Le zéro pur des cancres

Publié le par la freniere

En hiver, les abeilles ne dorment pas vraiment. Elles butinent le rêve. Une minute, une semaine, une année, qu’importe à la bave des limaces. Qu’importe à la lumière des étoiles les navettes spatiales. Qu’importe au volcan la braise d’un mégot. Il est difficile de garder confiance face à la suite du monde, de consentir à l’homme quand il se prend pour Dieu. Je préfère adorer la moindre plume d’oiseau, le faux pas d’un enfant, le caillou dans un bas. Faudra-t-il se réfugier aux confins des ours, dans des abris de fortune, se contenter d’écrire sur le givre des vitres ? Nous bardassons le temps avec nos horloges. Nous écrasons la vie avec nos autoroutes. Nous brouillons les ondes avec nos sirènes. Il faut retrouver l’herbe sur le chemin des hommes, les mots sous la paperasse, le cœur sous les chiffres, le zéro pur des cancres sur le tableau de bord. La poésie a toujours été là. Quand on marche dessus, elle sursaute comme une ombre.

Dieu, la Fée des dents, le Père Noel, les petits bonhommes verts, les sentons, qu’ils existent ou non, on finit par les trouver. Ils font comme des trous au milieu de la foule. Quand il veut  les toucher, c’est l’homme qui se perd. Pour aller quelque part, j’écris avec des mots en forme de pied. Il y a toujours quelqu’un pour me juger sur mes souliers ou la couleur des bas. J’écris avec du bois de pin, du pain blond, la teinture des plantes sur les grands chats de laine. J’écris à l’égoïne, à la souque, au marteau, en tapant clou par clou comme on coud point par point. J’écris par oreille dans les nœuds de la musique. C’est la mémoire qui lève dans le ventre du pain, le savoir des ancêtres. J’écris avec le sel, la graisse, le sucre et la levure. J’écris avec le lin, le lait, la laine, le tissage, le mordançage de l’alun, la meule au cœur du moulin, la demoiselle au milieu de la meule. J’écris avec des fraises, des pétaques, des bouts de catalogne, la mémoire des barlots sous les peaux de carriole. J’écris avec mes deux mains dans la boue du savoir.

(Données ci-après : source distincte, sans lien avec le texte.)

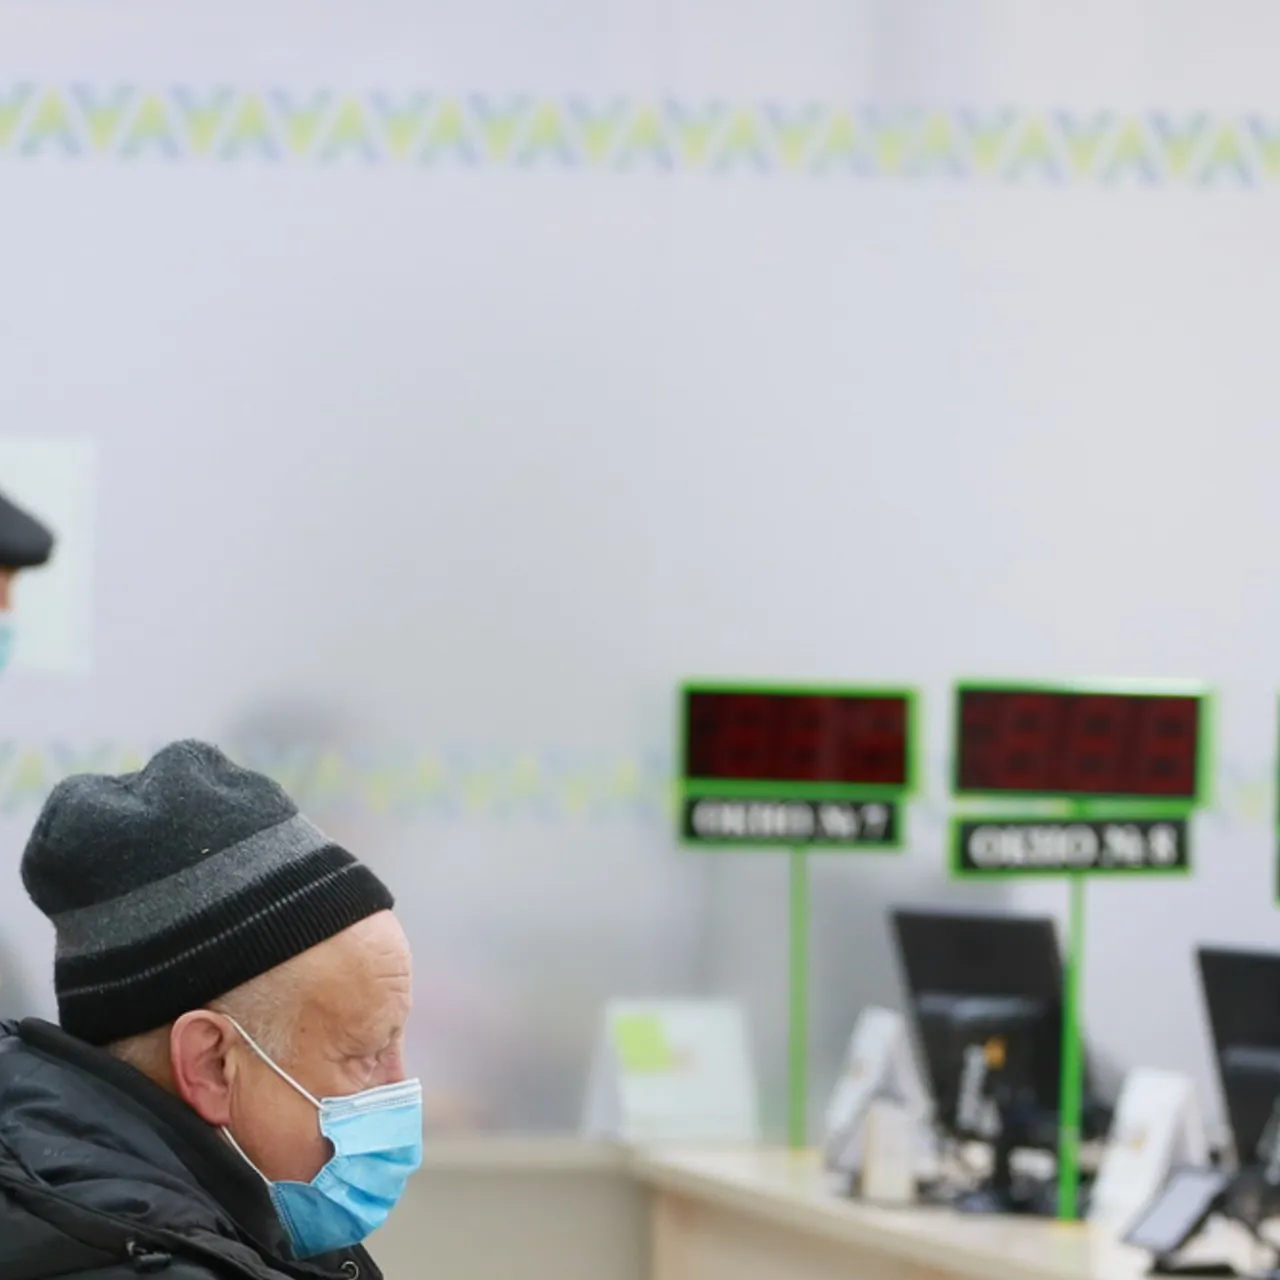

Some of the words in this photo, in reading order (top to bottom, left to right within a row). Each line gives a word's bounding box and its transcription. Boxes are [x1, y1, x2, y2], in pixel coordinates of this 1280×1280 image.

[693, 802, 814, 838] ОКНО
[864, 803, 886, 837] 7
[969, 824, 1099, 867] ОКНО
[1149, 825, 1176, 866] 8
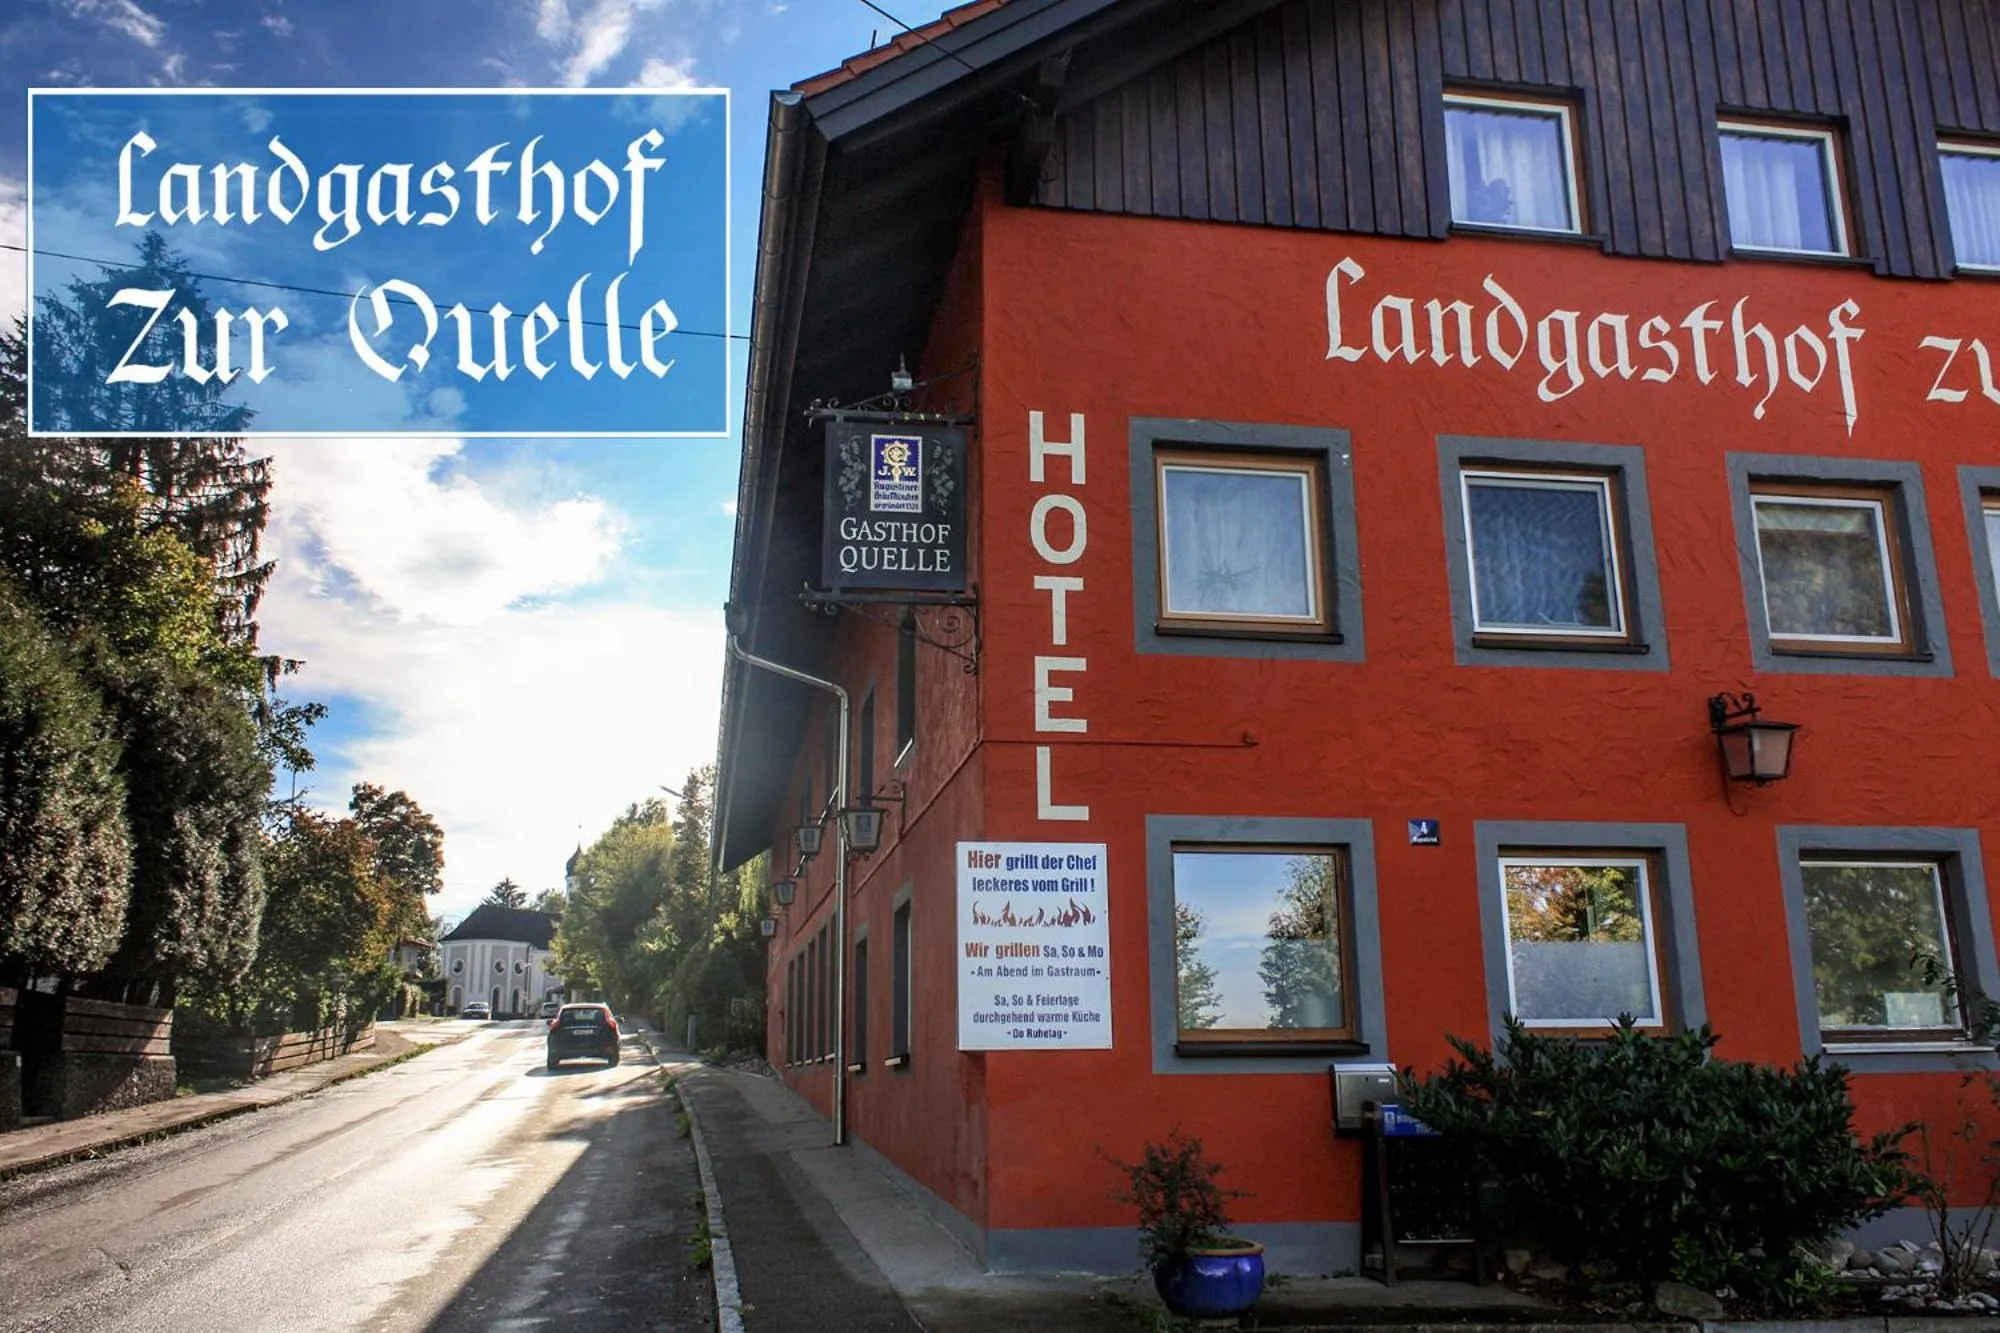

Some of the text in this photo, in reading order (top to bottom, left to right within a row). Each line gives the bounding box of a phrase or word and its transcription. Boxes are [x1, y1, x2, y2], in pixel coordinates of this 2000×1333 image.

[1325, 256, 1865, 438] Landgasthof
[839, 545, 951, 573] QUELLE
[1029, 410, 1090, 821] HOTEL
[967, 850, 1097, 871] Hier grillt der Chef
[972, 877, 1029, 892] leckeres
[1031, 878, 1058, 892] vom
[965, 942, 989, 958] Wir
[995, 942, 1040, 959] grillen
[1061, 945, 1075, 958] So
[1078, 946, 1085, 958] &
[1087, 946, 1104, 958] Mo
[996, 966, 1028, 977] Abend
[1031, 966, 1044, 977] im
[1035, 995, 1080, 1007] Feiertage
[973, 1011, 1101, 1024] durchgehend warme Küche
[1026, 1028, 1063, 1039] Ruhetag
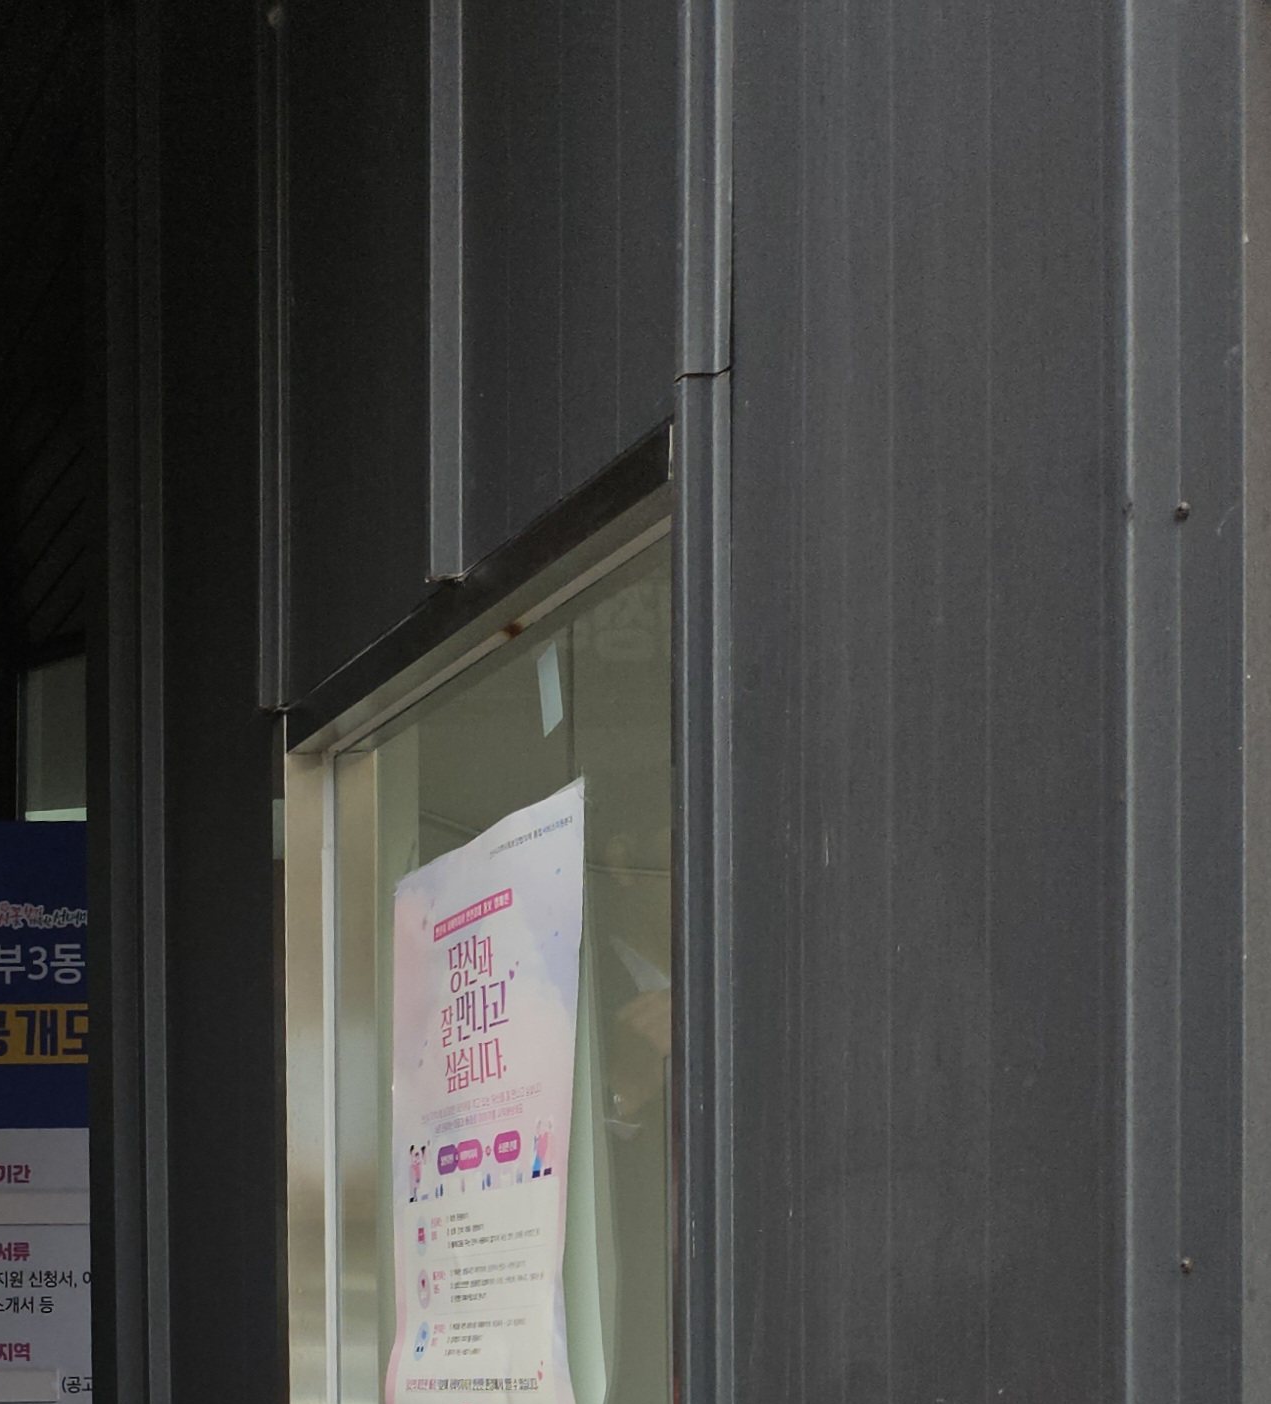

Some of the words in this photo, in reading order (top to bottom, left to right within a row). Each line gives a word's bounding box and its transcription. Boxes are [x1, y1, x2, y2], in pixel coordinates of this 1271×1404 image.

Il y a toujours quelqu’un pour écraser les fleurs, se moquer des fous, effacer les poèmes. Certains soirs, quand je fais ma prière, je dis bonsoir aux pierres, aux étoiles. Je dis bonsoir aux arbres car ils sont mes amis. Je dis je t’aime à mon amour.  J’entends sa voix qui me répond. J’ai jeté mon costume d’esclave, mon habit de vendeur, mon chapeau de menteur, mon masque de monsieur. Je n’ai gardé que mon habit de clown, mon costume d’enfance. Mes poèmes vont nus sur la neige des pages. Un cheval court dans mes mots. Il cherche à rattraper le galop du silence. Sa belle tête frémit comme un peuplier sous l’orage.

Les touristes du sacré ne voient pas l’infini dans un petit caillou. Leur satori n’est qu’un vulgaire drapeau. Ils jouent à l’homme fatal, au monsieur, à la mort. Il faut jouer dans l’eau, dans le sable, dans l’homme.  Il faut courir dans l’instinct, libérer le cadeau, tordre le cou du médiocre. C’est par les fruits que la saveur du monde éclate sous la dent, la fraise du cœur, la framboise de l’enfance, le bleuet du mystère, la cerise du rire, la pomme du vertige, la groseille du doute, la chair de l’espoir sous l’écale du temps. Il faut sans cesse recracher les noyaux indicibles, les guillemets dérisoires. Borges aveugle n’a pas cessé de voir. Il nous regarde avec les yeux d’Homère.

Certains soirs, quand je fais ma prière, j’invite le monstre qui m’attend en haut de l’escalier, la souris qui grignote mes mots, la lune qui triche avec les méridiens. Je dis bienvenue à la semaine prochaine sans renier les années mortes. Mes phrases ont l’odeur des mains. Mes mots ont des saveurs, celles des bonbons forts, à la cannelle, à la réglisse, à la menthe, un goût de sang, un goût de mort, un goût d’encre et de craie. Agité du bocal, fou braque, la cervelle fêlée, j’élève des araignées dans le plafond, des abeilles dans le bonnet, des anges dans la chair, des fleurs dans le désert, des mots d’amour dans les cratères de bombe, des caresses dans les manches. Je suis complètement marteau sur les clous du silence.  Je laisse entrer les mots en toute liberté. On peut couper l’espoir en deux, j’en garderai les graines.